Risky Business

Joe Tidy, BBC World Service's cybersecurity correspondent and author of Control Alt Chaos, dives into the complexities of U.S. cyber operations and their implications. He discusses the evolving teen hacker culture shaped by social media and cryptocurrency. Haroon Meer, founder of Thinkst, shares insights on deception tools and their recent acquisition efforts, alongside the exciting work at the South African Computer Olympiad. Together, they explore the future of cybersecurity, the risky world of Amazon Web Services exploits, and the challenges of communicating these themes to the public.

David Cottingham, co-founder of Airlock Digital and expert in cybersecurity, discusses the risks associated with Microsoft’s ClickOnce application deployment. He explains how attackers exploit ClickOnce to load malicious code and the effectiveness of allow-listing in mitigating these threats. The conversation also dives into the challenges EDR technologies face in detecting such attacks. Additionally, there's a fascinating debate on the potential for AI to enhance allow-list management while maintaining human oversight.

Jon Callas, a former software engineer at Digital Equipment Corporation, discusses the early social norms of the ARPANET and the communal spirit among early hackers. Mark Rasch, who prosecuted the Morris Worm case, highlights the challenges in establishing new computer crime laws. Tony Sager shares insights on NSA's initial ambivalence toward hacking and its eventual embrace of cybersecurity. They explore the 414s’ curious exploration, the media's role in shaping public perception, and the Cuckoo's Egg, which tracks espionage by German hackers.

Josh Kamdjou, CEO of Sublime Security, dives into the evolving landscape of phishing, particularly focusing on calendar invite threats. He uncovers how these invites can bypass traditional email defenses, turning into a medium for malware distribution. Kamdjou also discusses Sublime's innovative solutions to combat these attacks and enhance user safety. The conversation highlights the alarming rise in industrial control systems phishing and the need for agile responses in a rapidly changing threat environment.

In a captivating discussion, Jared Atkinson, CTO of SpecterOps and a key player behind BloodHound, dives into the fascinating world of cross-platform attack path enumeration. He reveals how OpenGraph can identify intricate vulnerabilities, like linking GitHub accounts to Active Directory breaches. Jared shares insights into modeling permissions and discusses the importance of extending defenses beyond traditional platforms. He also highlights innovative community extensions and real-world examples of thwarting cyber threats, underscoring why an expansive view of attack surfaces is essential.

Adam Boileau, a seasoned cybersecurity commentator, joins Simon Onyons, Managing Director at Kroll's Cyber and Data Resilience, to tackle the latest in cybersecurity. They dive into the alarming React2Shell vulnerability—scoring a CVSS 10—that's quickly exploited by Chinese APTs. Simon shares insights on demystifying cyber risk for boards and how to communicate it effectively. The episode also touches on Linux's PCIe encryption support and a controversial GrapheneOS case, illustrating the ongoing battle between security and exploitation.

Damien Lukey, CEO and founder of Nebulok, joins the discussion on AI-enabled threat hunting and enhancing MacOS security through Core Sigma Sigma rule development. The conversation dives into the implications of cosmic-ray bitflips affecting Airbus firmware, as well as a substantial data breach in South Korea impacting 65% of the population. Lukey sheds light on how improving macOS telemetry can bolster cybersecurity, while the hosts explore recent trends in malicious browser extensions and the risks of poor operational security among teens.

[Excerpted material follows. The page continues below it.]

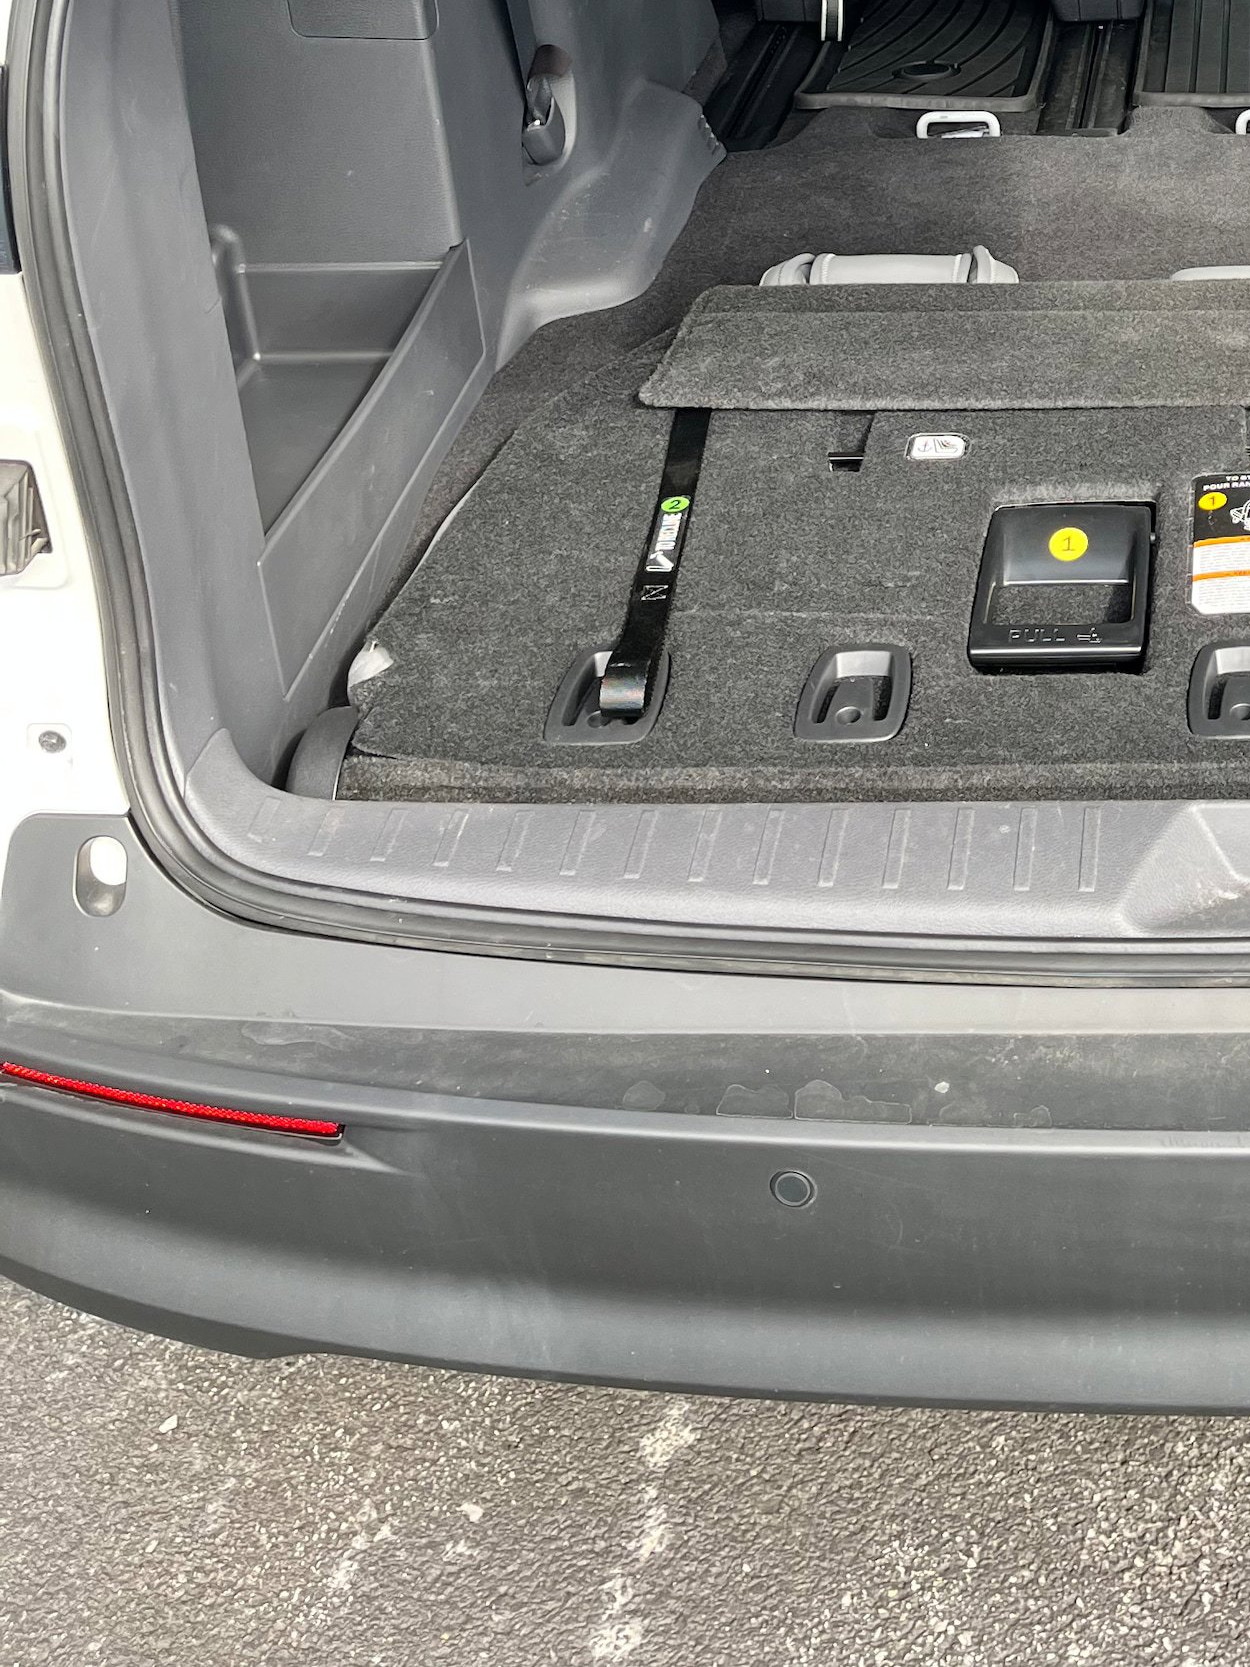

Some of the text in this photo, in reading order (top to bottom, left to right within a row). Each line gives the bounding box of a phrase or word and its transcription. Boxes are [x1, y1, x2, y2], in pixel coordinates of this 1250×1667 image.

[1203, 481, 1231, 491] POUR
[1061, 536, 1076, 552] 1
[1009, 628, 1066, 643] PULL
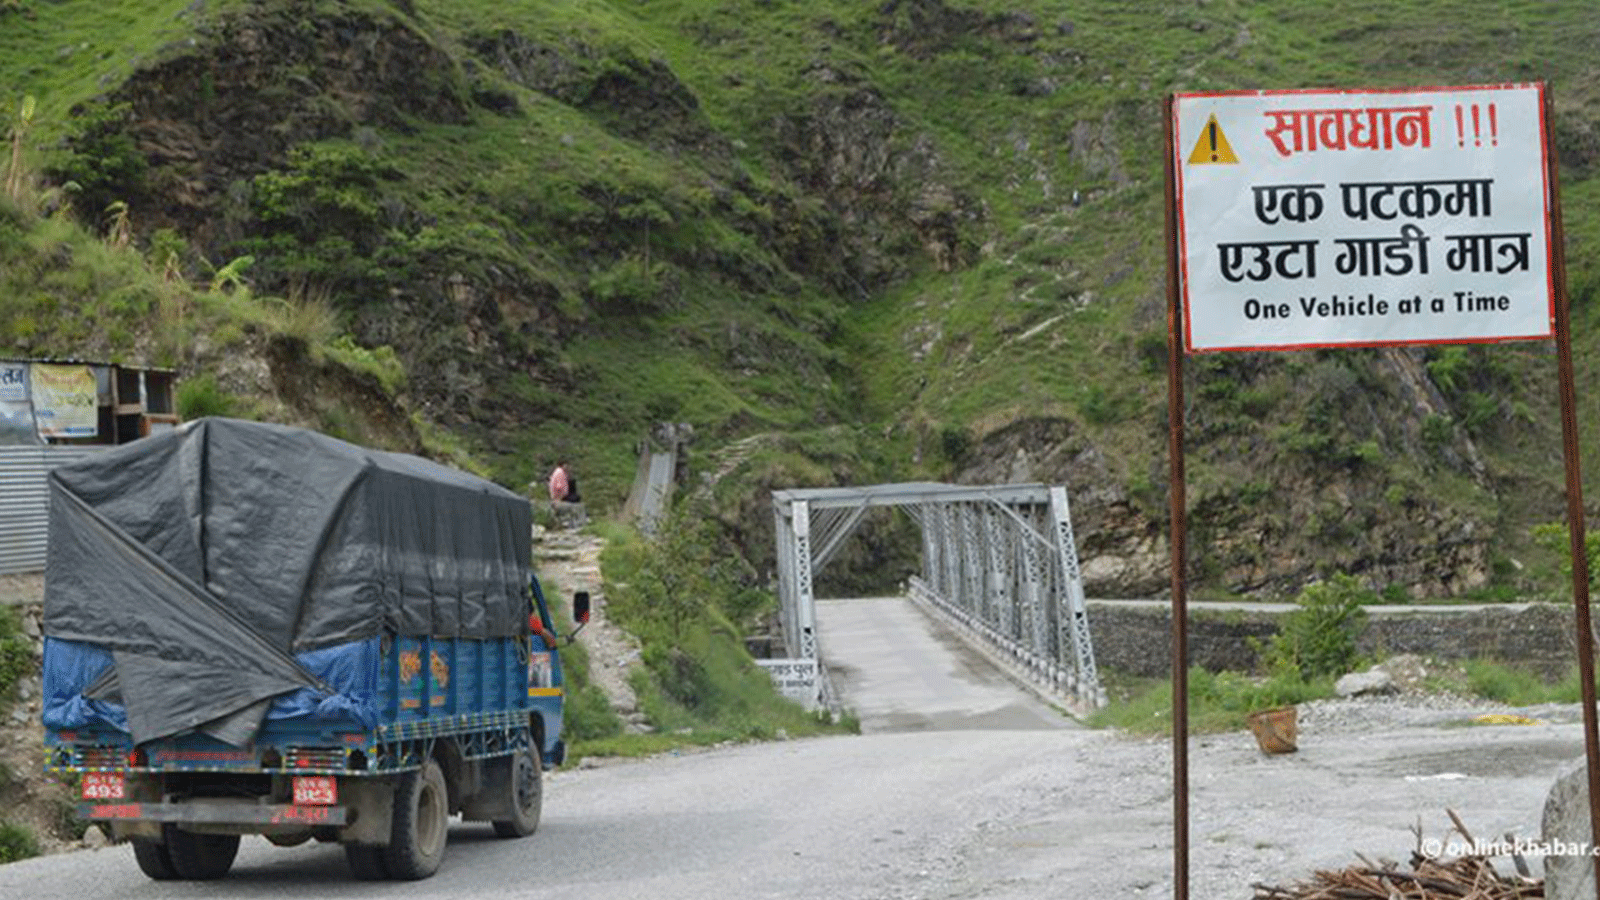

H.D. Moore, a renowned security researcher and creator of Metasploit, joins to discuss RunZero's innovative tools. He elaborates on integrating RunZero with Bloodhound-style graph databases to enhance security analysis. H.D. also dives into the exciting future of AI in cybersecurity, touching on the challenges of varied deployment models. Additionally, he highlights how exposure management and user experience are shifting in product development, making security more effective and accessible.

Andrew Morris, the founder of GreyNoise, joins the discussion to unveil how their technology can predict serious vulnerabilities up to 90 days in advance. He shares insights on the coordinated mass scanning activities that often precede big security disclosures. Andrew explains strategies for organizations to use early warning signals effectively, like auditing configurations and adopting a zero-trust mindset. He also touches on the challenges posed by residential proxies and IPv6 while advocating for tailored scanning methods to enhance security.

Urooj Burney, Mastercard's Senior VP of Cybersecurity, chats about the evolution of fraud and cybersecurity teams merging. She highlights the importance of a unified approach to tackle cyber-enabled payment risks. Urooj dives into how Mastercard's acquisition of Recorded Future enhances threat intelligence for fraud prevention. The conversation reveals insights on democratizing threat intel for fraud teams and the organizational models that best support this convergence. With real-world implications, this discussion is a wake-up call for the financial sector!